The board-appointed psychologist's evaluation is damning. He states that, during the interview, petitioner paid "lip service" to, but did not "genuinely accept responsibility for," his criminal conduct. Instead, according to the psychologist, petitioner "seemed to minimize the seriousness of the offenses, tended to not report the essential ingredients or aspects of his criminal activities, and in general, attempted to portray himself in a positive light." The psychologist noted, in support of those characterizations, that petitioner, in explaining why he had killed the victim, omitted any reference to a financial incentive, instead stating that his mother had convinced him to kill the victim by telling him that the victim had sexually molested his sisters. When petitioner was asked at his interview before the board to explain that omission, he responded that the interview had been terminated before he had an opportunity to do so.

In his "Summary and Conclusions," the board's psychologist stated that, although petitioner "has made a very positive adaptation within [OSP] and has participated in many appropriate treatment programs," he "has not changed his deep-seated or basic characterological issues which would result in him acting-out in the future." He noted that petitioner, in the past, had suffered from a "very serious drug addiction" and had been "unable to conform to probation and parole expectations when in the community." (In fact, petitioner's parole was revoked once in 1972 and his probation was revoked once in 1979; in the period between the murder of his stepfather and his current incarceration, he served one probationary sentence without revocation and was paroled three times without revocation.) The psychologist diagnosed petitioner with Antisocial Personality Disorder, stating that petitioner "appears to be an individual whom one could not trust": "In spite of his compliance with treatment programs within the institution and his pleasant and charming persona, beneath the surface he is an individual whom one should not trust at the present time." He suggested that petitioner had yet to take "personal, deep-seated, or accurate responsibility" for his criminal conduct, noting that petitioner "makes excuses and tends to blame others or circumstances in spite of his expressed and perhaps even ingenuous statements of remorse." He ultimately opined, "[T]he results of the present psychological evaluation indicate that [petitioner] is a significant threat to the safety of the community."

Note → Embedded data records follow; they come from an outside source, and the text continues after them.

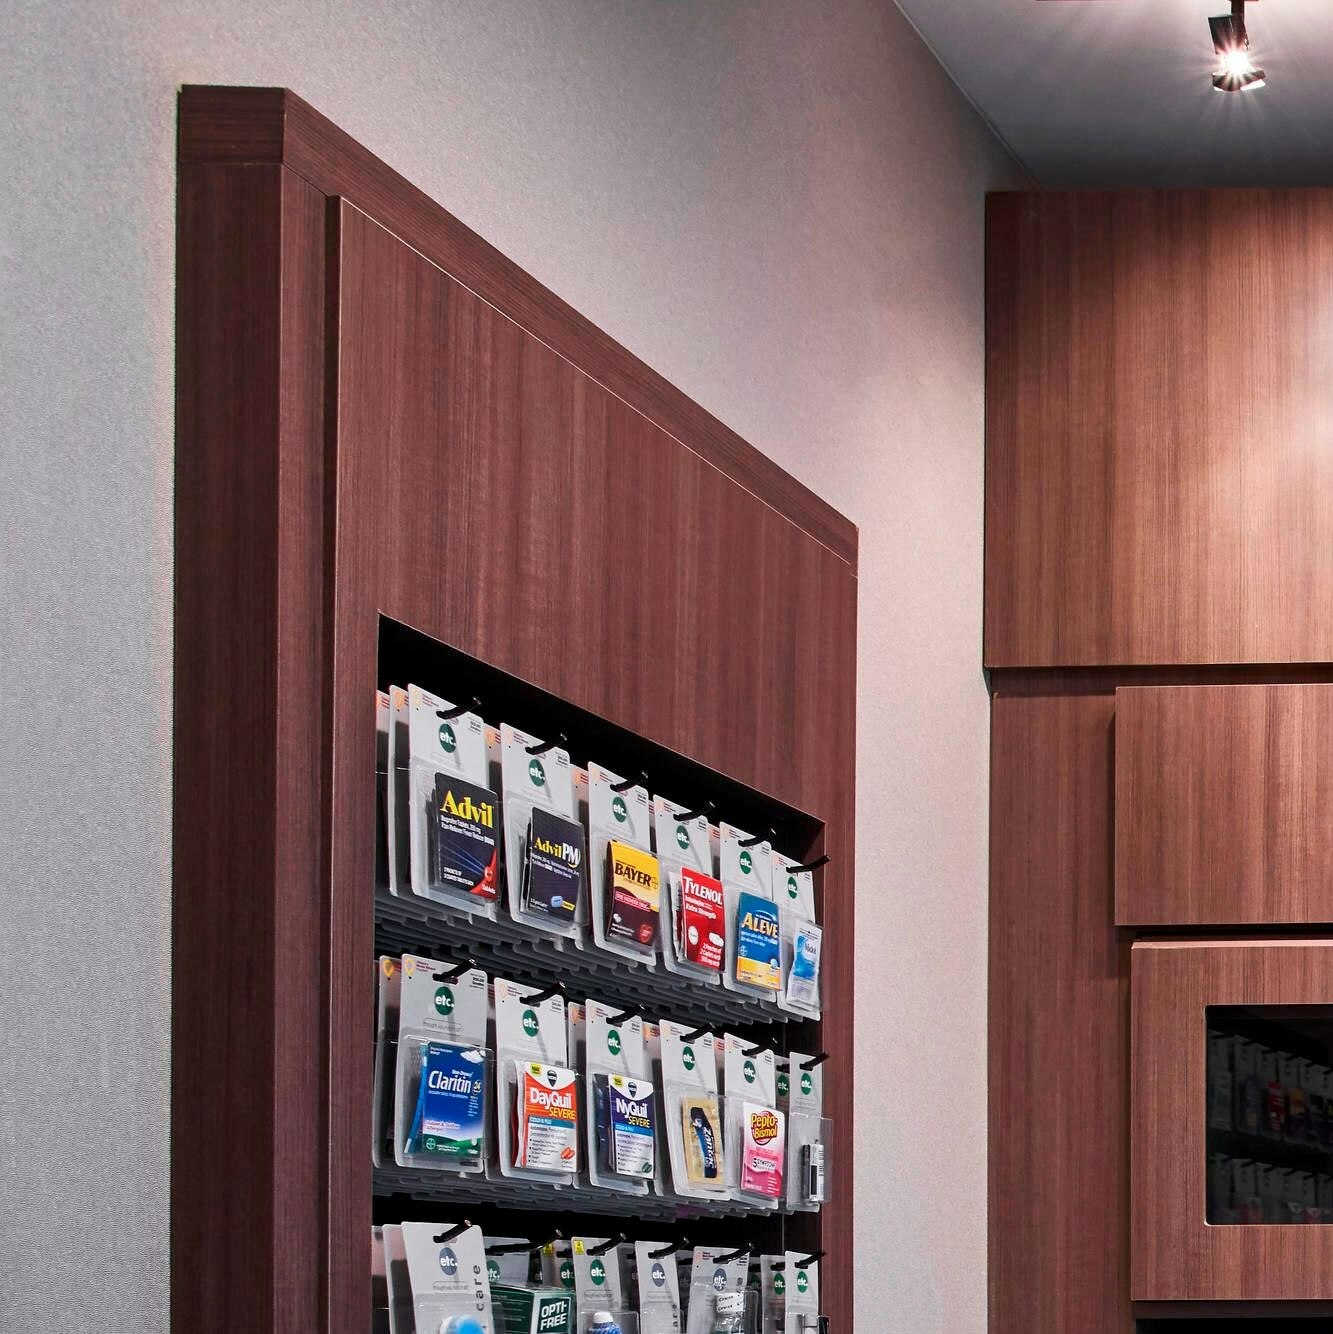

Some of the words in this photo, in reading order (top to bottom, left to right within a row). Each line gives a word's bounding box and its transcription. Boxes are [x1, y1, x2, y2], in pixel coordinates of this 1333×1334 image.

[439, 731, 457, 746] etc.
[529, 766, 546, 781] etc.
[440, 790, 494, 829] Advil
[612, 803, 627, 817] etc.
[676, 831, 691, 844] etc.
[534, 836, 563, 858] Advil
[615, 861, 652, 887] BAYER
[683, 875, 723, 906] TYLENOL
[742, 911, 778, 939] ALEVE
[435, 994, 455, 1008] etc.
[523, 1017, 539, 1030] etc.
[428, 1070, 471, 1094] Claritin
[530, 1087, 573, 1110] DayQuil
[549, 1107, 576, 1120] SEVERE
[616, 1098, 649, 1119] NyQuil
[628, 1115, 650, 1127] SEVERE
[751, 1111, 778, 1129] Pepto-
[754, 1125, 778, 1140] Bismol
[704, 1126, 717, 1170] Zantac
[440, 1256, 458, 1267] etc.
[591, 1268, 606, 1277] etc.
[541, 1301, 568, 1318] OPTI-
[540, 1313, 567, 1331] FREE

Petitioner's interview with the board lasted less than an hour.(2) Other than petitioner, the only person to testify was the victim's widow. When the interview ended, the board went into recess; when the members returned to the interview room, they announced that they had decided to defer petitioner's release date until February 16, 2008, contingent on a satisfactory exit interview and then-current psychological evaluation.(3) Subsequently, the board issued a Board Action Form relating the date of the hearing, listing the board members and others in attendance, and containing the following explanation of its actions:




The statutory and rule references indicate that the board's decision was based on findings that there was "a reasonable probability that [he would] not, after parole, remain outside the institution without violating the law and that his release [was] incompatible with the welfare of society," ORS 144.175(1), repealed by Or Laws 1977, ch 372, 18, and that there was a "substantial risk that he [would] not conform to the conditions of parole," former ORS 144.175(2), repealed by Or Laws 1977, ch 372, 18. Petitioner sought administrative review but was denied relief. In fact, the board's "Administrative Review Response" does not even acknowledge that petitioner questioned the evidentiary foundation of its order, despite the assertion in his pro se request for administrative review that the board's action was not adequately supported by the evidentiary record. He now seeks judicial review.

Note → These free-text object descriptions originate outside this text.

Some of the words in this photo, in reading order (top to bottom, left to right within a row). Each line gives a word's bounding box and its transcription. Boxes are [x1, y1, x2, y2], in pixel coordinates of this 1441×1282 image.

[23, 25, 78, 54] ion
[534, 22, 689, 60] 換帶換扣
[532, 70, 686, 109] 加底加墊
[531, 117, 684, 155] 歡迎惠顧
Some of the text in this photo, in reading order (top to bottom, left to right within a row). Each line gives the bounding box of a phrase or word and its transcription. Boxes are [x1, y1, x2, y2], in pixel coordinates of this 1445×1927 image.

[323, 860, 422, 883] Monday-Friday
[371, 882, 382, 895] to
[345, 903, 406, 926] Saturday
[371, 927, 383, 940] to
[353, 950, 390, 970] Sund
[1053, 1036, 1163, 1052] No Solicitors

ORS 144.335(1) provides that a person over whom the board has exercised its jurisdiction and who has been adversely affected or aggrieved by a final order of the board may seek judicial review by this court. ORS 144.335(3) further provides that, on review, this court "may affirm, reverse or remand the order on the same basis as provided in ORS 183.482(8)." ORS 183.482(8), in turn, provides:

"(a) The court may affirm, reverse or remand the order.

"* * * * *

"(c) The court shall set aside or remand the order if the court finds that the order is not supported by substantial evidence in the record. Substantial evidence exists to support a finding of fact when the record, viewed as a whole, would permit a reasonable person to make that finding."

Substantial evidence review, while not authorizing us to substitute our judgment for that of agency decision makers, requires us to take into account whatever evidence detracts from the weight of the evidence that supports the agency order. Younger v. City of Portland, 305 Or 346, 354, 752 P2d 262 (1988); Garcia v. SAIF, 187 Or App 51, 57, 66 P3d 522 (2003). ORS 183.482(8) also requires that the board provide "some kind of an explanation connecting the facts of the case (which would include the facts found, if any) and the result reached." Martin v. Board of Parole, 327 Or 147, 157, 957 P2d 1210 (1998); Weems v. Board of Parole, 221 Or App 70, 74, 190 P3d 381 (2008), rev allowed, 346 Or 115 (2009).

On judicial review, petitioner argues, among other things,(4) that the board's order is not supported by substantial evidence. That claim might have either of two meanings. It might mean that the undisputed historical facts (what petitioner did; what various evaluators wrote about petitioner), viewed as a whole, are such that a reasonable person could not infer that petitioner, if released, probably would violate the law and be a threat to society. That is a substantial evidence argument. The claim might also mean that the board's order does not adequately explain the logical connection between the evidence in the record and its conclusion that petitioner's release must be postponed. That is a substantial reason argument. As the court in Martin held, and as this case demonstrates, the two arguments both assert a lack of "substantial evidence" as that term is used in ORS 183.484(8)(5); see also Salosha, Inc. v. Lane County, 201 Or App 138, 143, 117 P3d 1047 (2005) ("Where a petitioner argues that an order is not supported by substantial evidence, a court will also review the order for substantial reason[.]").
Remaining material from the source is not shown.